Why Shriram Finance Limited Stock Soared 60 Percent in Just 3 Months
- Electroneagle
- Dec 31, 2025
- 3 min read
Shriram Finance Limited’s stock has surged nearly 60 percent over the past three months. This impressive rise is not the result of a single event but a combination of several positive factors coming together at the right time. Investors who closely follow the company’s fundamentals and sector trends will find this rally backed by clear, measurable improvements. This post breaks down the key reasons behind Shriram Finance’s strong performance and explains why the market’s perception of the company has shifted so dramatically.

Sharp Improvement in Asset Quality
One of the biggest concerns investors had about Shriram Finance was its exposure to commercial vehicle (CV) loans and used vehicle collateral risks. The company’s recent merger also raised questions about how stable its asset quality would remain. Over the last two to three quarters, these worries have not come true.
Here’s what changed:
Gross Stage-3 assets declined from approximately 5.3% to about 4.6%, showing fewer loans are classified as non-performing.
Stage-2 flows stabilized, indicating fewer loans are moving into higher risk categories.
Credit costs stayed contained between 1.6% and 1.8%, which means the company is managing loan losses effectively.
Repossessions did not increase despite challenges like GST cuts and fluctuations in vehicle prices.
Because of these improvements, the market shifted its view from expecting peak credit costs to seeing a normalized credit cycle. This change in outlook helped push the stock price higher as investors gained confidence in Shriram’s asset quality.
Margin Trough Confirmed and Recovery Visible
For non-banking financial companies (NBFCs) like Shriram Finance, the direction of net interest margin (NIM) matters more than the absolute margin level. NIM is the difference between the interest income generated and the interest paid out, and it directly impacts profitability.
Key points on margins:
NIM bottomed around 8.1%, signaling the lowest point in recent quarters.
Management guided that the NIM would improve to about 8.5% by the end of the fourth quarter.

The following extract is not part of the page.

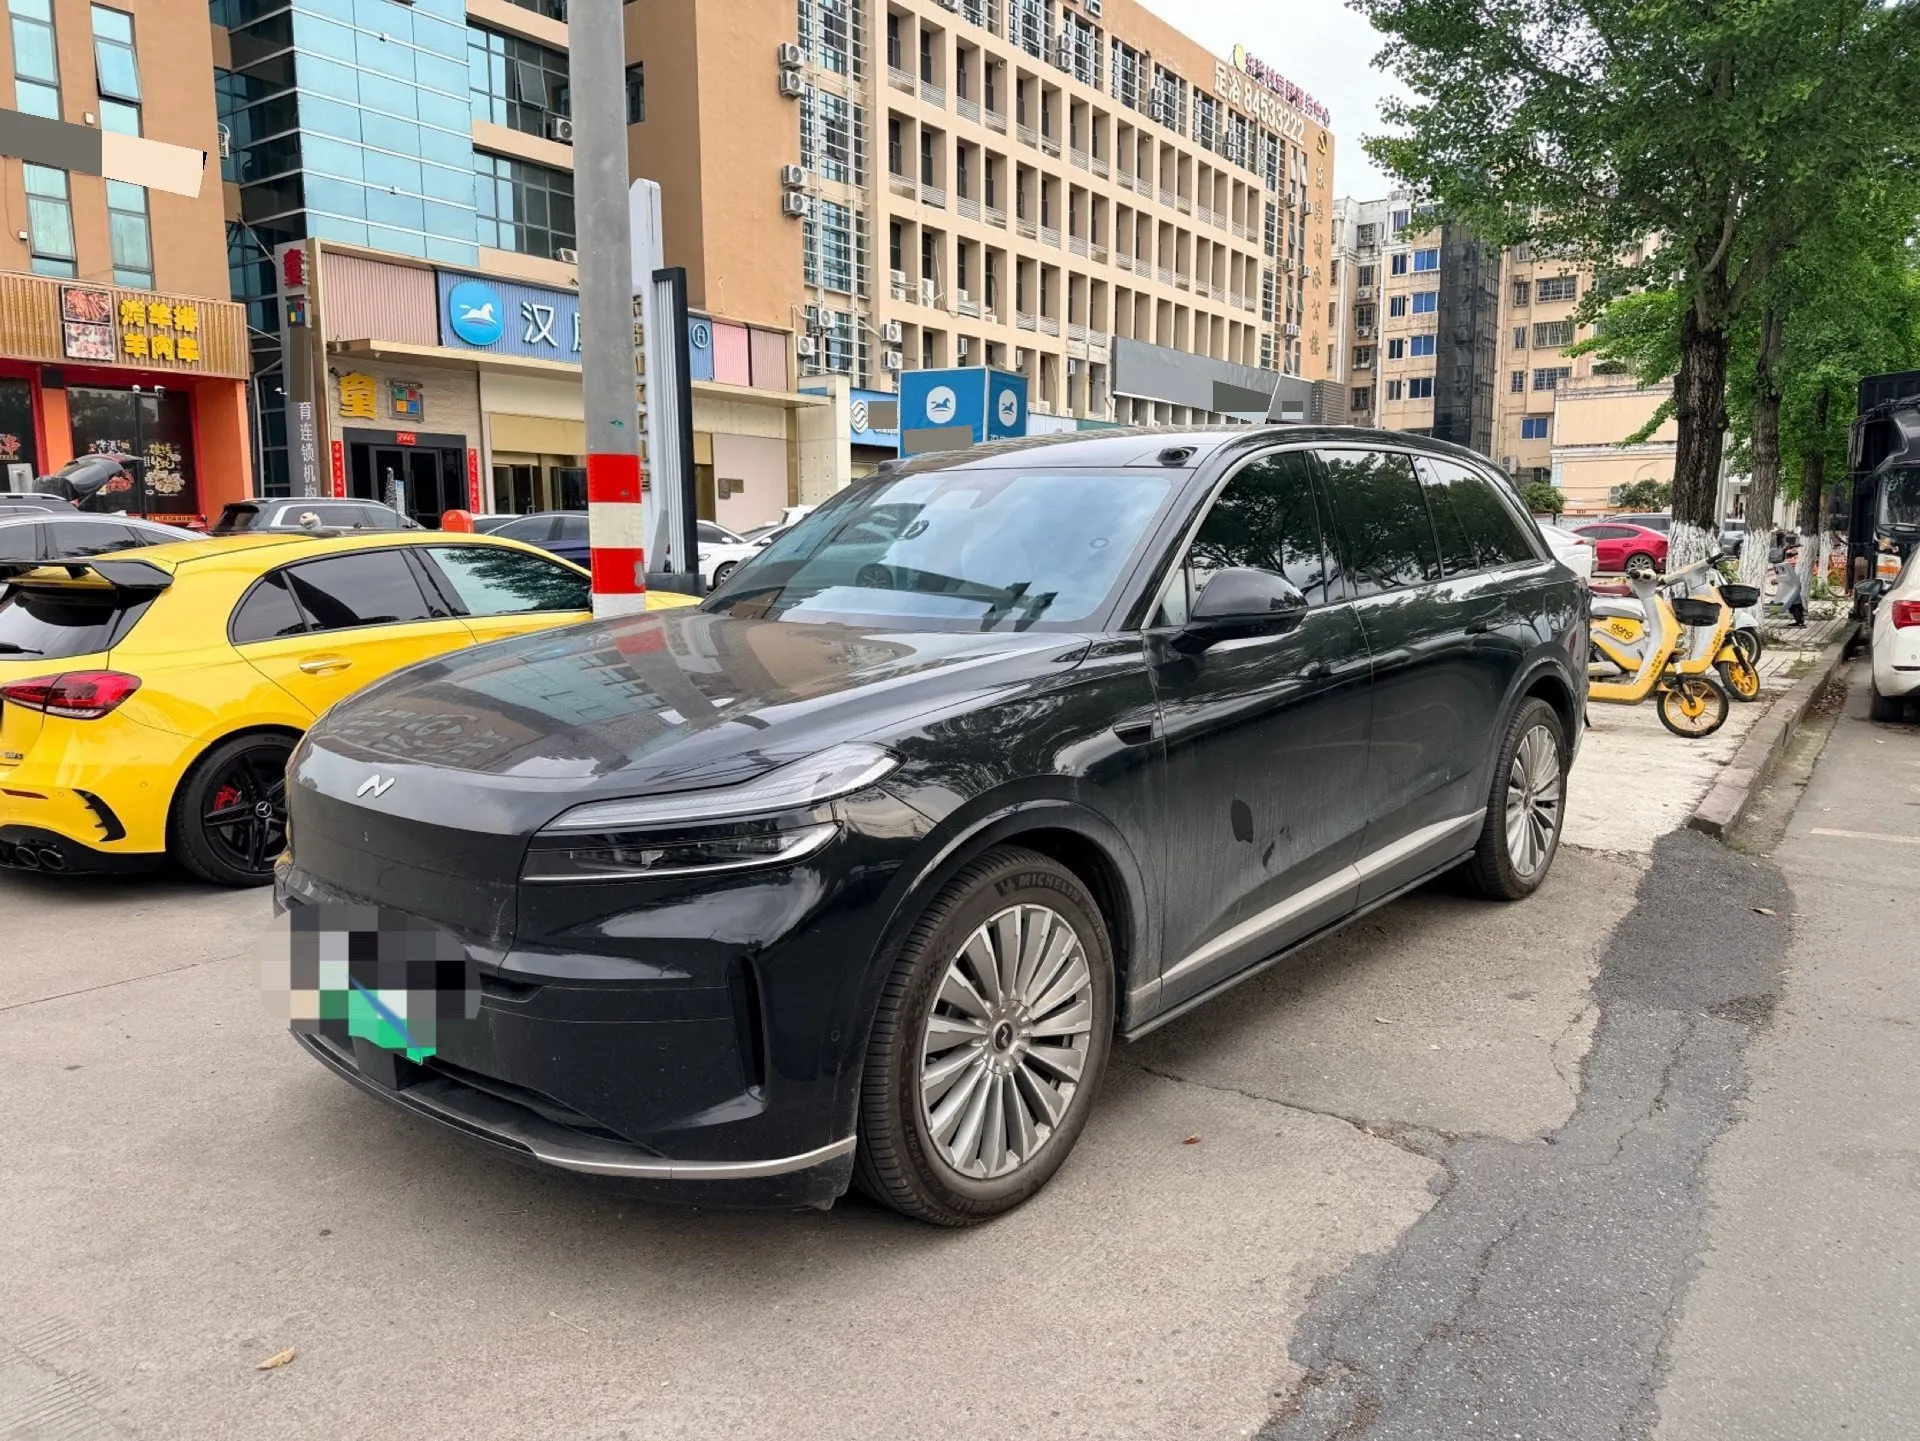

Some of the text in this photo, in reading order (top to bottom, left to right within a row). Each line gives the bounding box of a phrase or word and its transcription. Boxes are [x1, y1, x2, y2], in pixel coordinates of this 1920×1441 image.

[1243, 83, 1305, 148] 84533222
[120, 299, 198, 333] 烤羊排
[123, 332, 200, 363] 羊肉串
[1018, 873, 1081, 902] MICHELIN

The full-year average NIM is expected to be between 8.25% and 8.3%.
Excess liquidity has been reduced, which helps improve returns.

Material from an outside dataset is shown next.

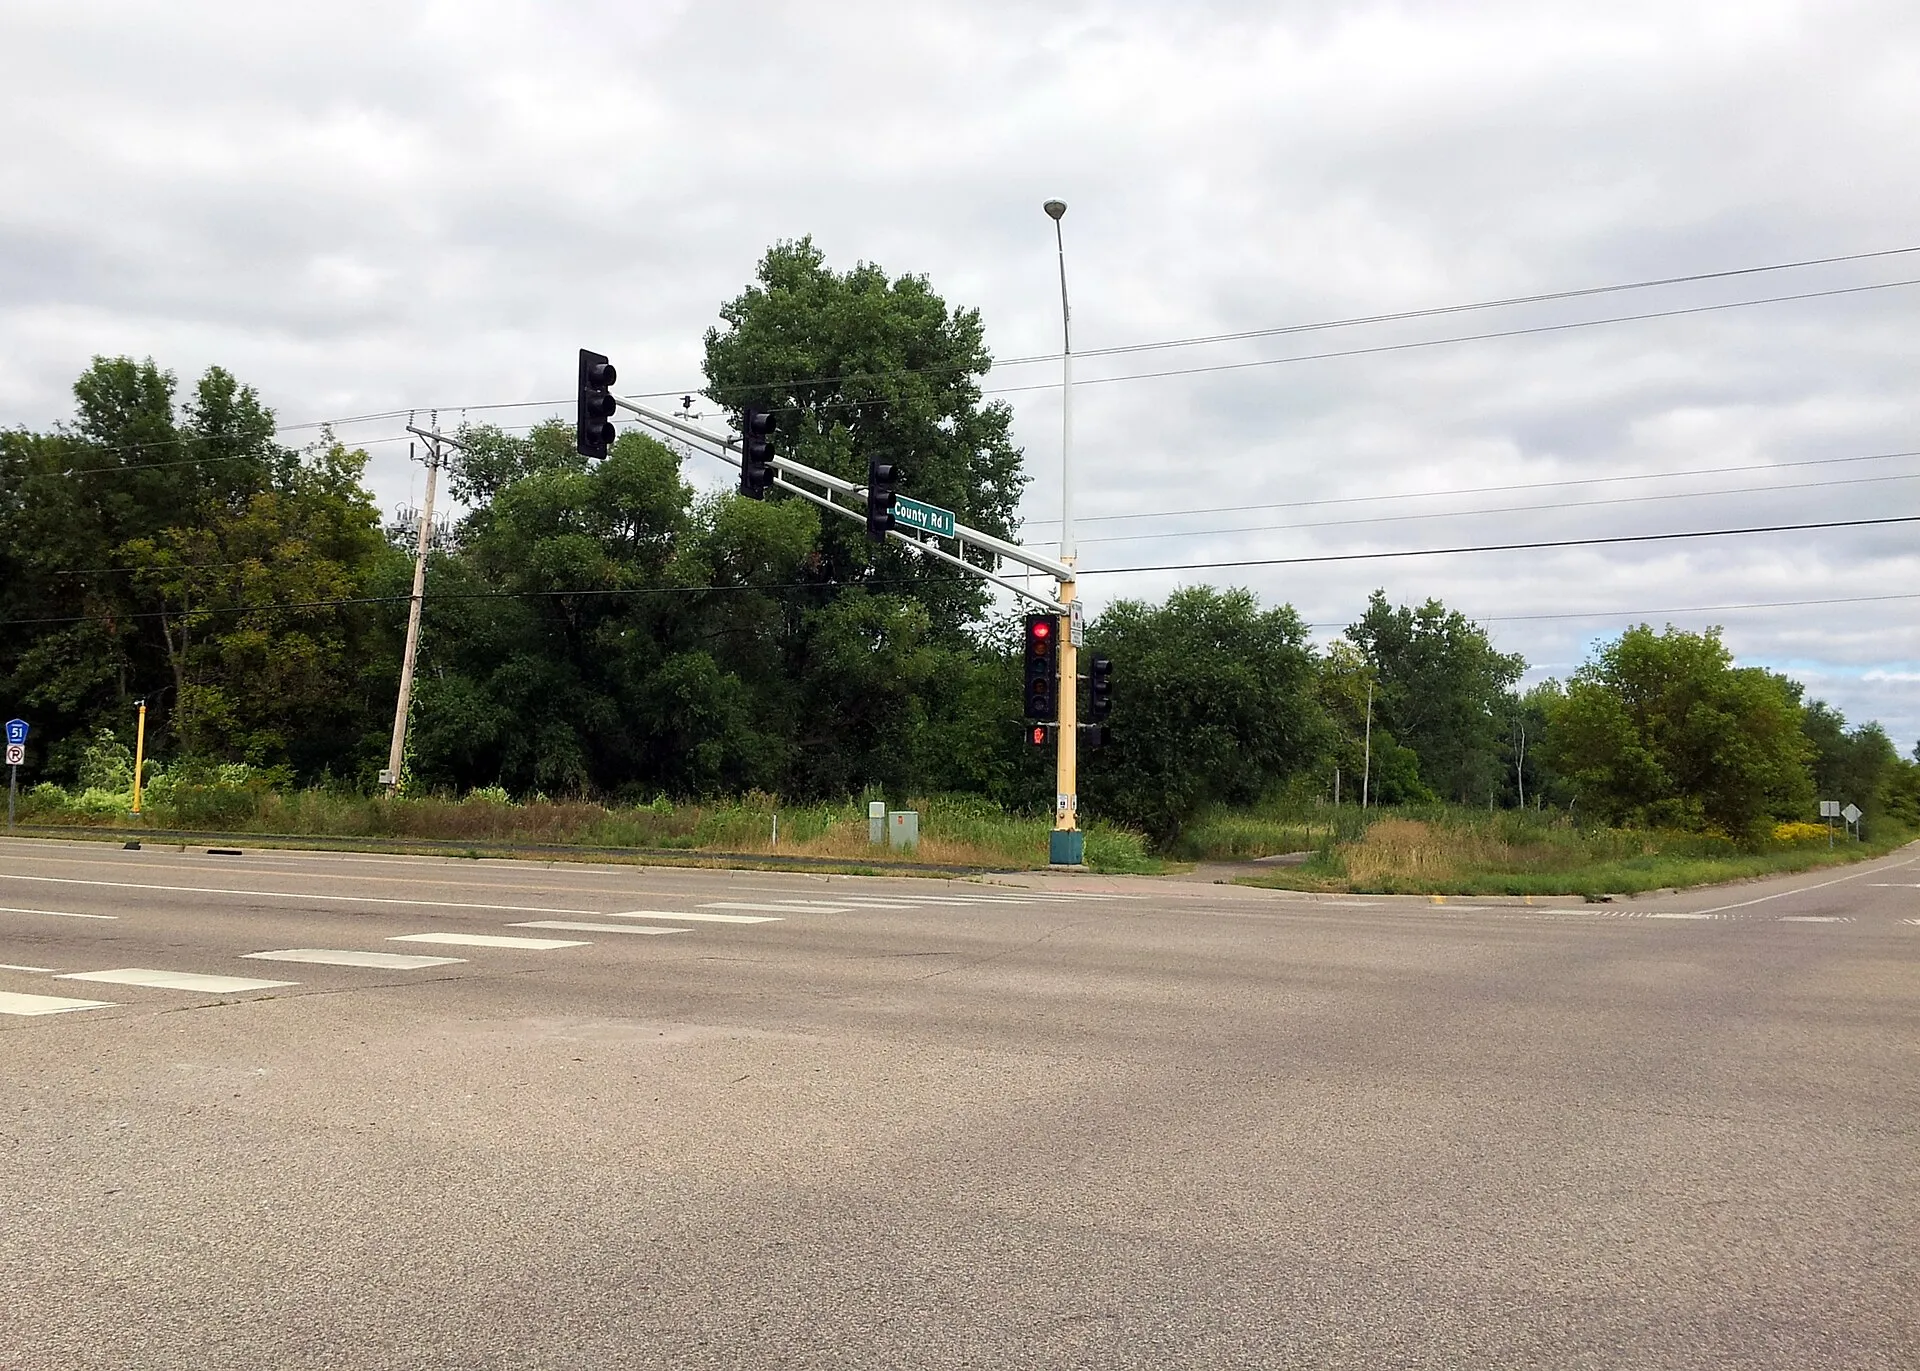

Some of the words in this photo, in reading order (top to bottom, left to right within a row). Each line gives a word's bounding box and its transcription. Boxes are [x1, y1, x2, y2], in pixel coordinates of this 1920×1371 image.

[895, 501, 927, 527] County
[931, 512, 942, 528] Rd
[11, 727, 22, 738] 51

The incremental cost of funds has started to fall, lowering borrowing costs.
This margin recovery reduces earnings risk and creates room for multiple expansion, meaning investors are willing to pay more for each unit of earnings.
Balance Sheet De-Risking
An often overlooked but important factor in Shriram Finance’s stock rise is the company’s focus on reducing risk in its balance sheet. The market rewards companies that show financial discipline and stability.
Shriram Finance took these steps:
Reduced leverage from 4.15 times to about 3.9 times, lowering financial risk.
Maintained a very high liquidity buffer, with a liquidity coverage ratio (LCR) around 300%, ensuring ample cash availability.
Avoided chasing aggressive growth, focusing instead on sustainable and quality expansion.
These actions changed the market’s perception of Shriram Finance from a high-growth but risky lender to a stable, cash-generating franchise. This shift supports a higher valuation multiple.
Favorable Commercial Vehicle and Rural Cycles
Macro factors also played a role in supporting Shriram Finance’s business:
A strong monsoon improved rural cash flows, boosting demand in rural areas.
Commercial vehicle utilization rates remained high, indicating steady business activity.
Demand for tractors, light commercial vehicles (LCVs), and base passenger vehicles (PVs) picked up.
October’s festive season confirmed an acceleration in demand.
Importantly, used commercial vehicle prices stabilized, which removed a major concern for investors worried about collateral value erosion.
Shriram Finance Limited’s stock rise reflects a combination of improved asset quality, margin recovery, balance sheet strength, and favorable market conditions. Investors who understand these fundamentals can see why the company’s valuation has expanded and why the stock price has reacted so positively.